Data in this exercise:

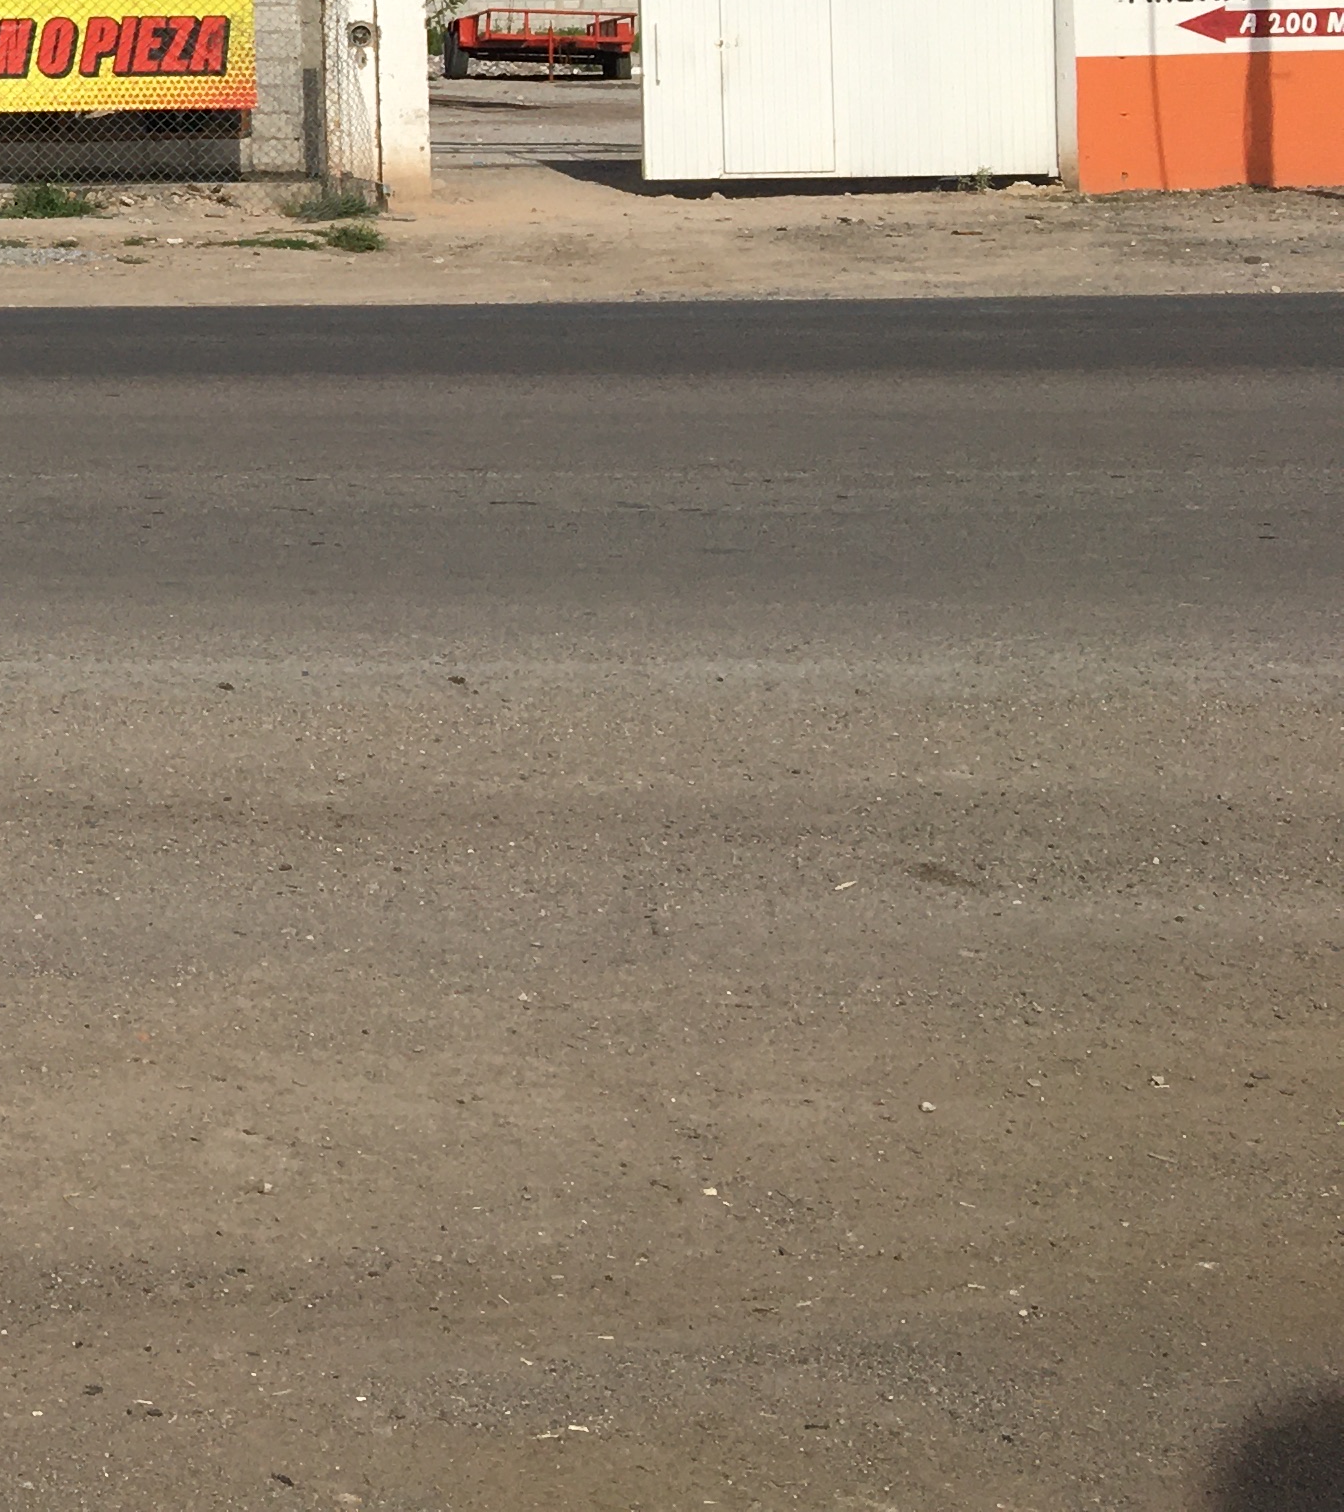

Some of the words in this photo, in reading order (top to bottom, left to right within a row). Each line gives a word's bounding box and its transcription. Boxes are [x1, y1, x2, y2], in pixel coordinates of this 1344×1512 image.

[1239, 12, 1257, 34] A
[1267, 12, 1317, 34] 200
[37, 16, 79, 79] O
[79, 15, 231, 78] PIEZA

Exercise: Please output the records exactly, leaving the pictures out.

Answer to this task:
Some of the words in this photo, in reading order (top to bottom, left to right within a row). Each line gives a word's bounding box and its transcription. Boxes are [x1, y1, x2, y2], in pixel coordinates of this 1344×1512 image.

[1239, 12, 1257, 34] A
[1267, 12, 1317, 34] 200
[37, 16, 79, 79] O
[79, 15, 231, 78] PIEZA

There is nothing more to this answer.